What is biological age?
Biological age attempts to quantify how "old" your body is functioning, independent of your birthday. Several methods exist, with varying levels of validation:
- Epigenetic clocks (DNAm age) — patterns of DNA methylation that change predictably with age. The Horvath clock (2013) and subsequent refinements (PhenoAge, GrimAge, DunedinPACE) are the most validated.[1]
- Glycan-based testing (GlycanAge) — measures inflammation-related changes in immunoglobulin G glycosylation.
- Biomarker composites (PhenoAge clinical version) — uses standard lab values (albumin, creatinine, glucose, CRP, lymphocyte percentage, MCV, RDW, alkaline phosphatase, WBC) to estimate biological age.[2]
- Functional measures — VO2 max, grip strength, gait speed — each independently correlated with mortality.
What the research shows
Multiple studies confirm biological age, measured by any of the validated methods, predicts all-cause mortality, cardiovascular events, and age-related disease independent of chronological age.[3]
A particularly important finding is that biological age is modifiable. The CALERIE trial (calorie restriction) showed measurable slowing of biological age via DunedinPACE.[4] Smaller studies show similar effects from structured exercise, dietary intervention, sleep optimization, and stress reduction.

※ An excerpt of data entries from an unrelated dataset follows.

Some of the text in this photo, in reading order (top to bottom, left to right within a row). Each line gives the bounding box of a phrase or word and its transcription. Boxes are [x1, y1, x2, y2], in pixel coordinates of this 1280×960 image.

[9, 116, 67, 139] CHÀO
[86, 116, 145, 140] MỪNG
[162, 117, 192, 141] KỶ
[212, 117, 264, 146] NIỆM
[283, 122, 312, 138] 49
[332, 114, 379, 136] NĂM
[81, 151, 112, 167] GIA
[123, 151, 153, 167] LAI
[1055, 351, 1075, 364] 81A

What to actually do with a biological age result
A single biological age reading is interesting but limited. The clinically meaningful application is tracking the rate of change over time — how fast you are aging biologically — and whether interventions are slowing that rate.
A responsible longevity protocol combines biological age testing with a comprehensive biomarker baseline: complete metabolic panel, lipid subfractions (ApoB, Lp(a)), inflammation markers (hs-CRP, homocysteine), hormonal status, micronutrients, body composition (DXA scan ideally), and cardiovascular structural assessment. The biological age number is one input among many.

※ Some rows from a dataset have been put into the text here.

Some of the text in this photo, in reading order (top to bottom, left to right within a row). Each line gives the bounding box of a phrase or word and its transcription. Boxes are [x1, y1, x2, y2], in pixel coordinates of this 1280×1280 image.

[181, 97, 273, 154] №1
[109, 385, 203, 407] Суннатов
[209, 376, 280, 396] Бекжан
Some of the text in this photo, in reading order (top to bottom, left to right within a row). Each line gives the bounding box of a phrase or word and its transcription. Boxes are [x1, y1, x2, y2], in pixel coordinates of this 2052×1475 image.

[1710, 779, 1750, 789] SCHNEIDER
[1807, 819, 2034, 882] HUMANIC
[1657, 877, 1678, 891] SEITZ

What interventions actually move the needle
The interventions with the strongest evidence for modifying biological aging are unglamorous and accessible:
- Regular structured exercise — particularly combining aerobic and resistance training
- Quality sleep — 7–9 hours nightly with consistent timing
- Whole-food, minimally processed nutrition — modest caloric restriction in some contexts
- Stress modulation — meditation, social connection, time outdoors
- Avoidance of harms — tobacco, excess alcohol, poor air quality
- Targeted medical interventions where appropriate — hormone optimization, metabolic therapy, etc.
What to do with this information
If you are interested in actively managing your biological aging, the right starting point is a comprehensive baseline — biomarkers, body composition, biological age testing — followed by interventions targeted to your specific results, and periodic retesting to measure response. A physician trained in longevity medicine guides this process and helps separate evidence-based interventions from marketing.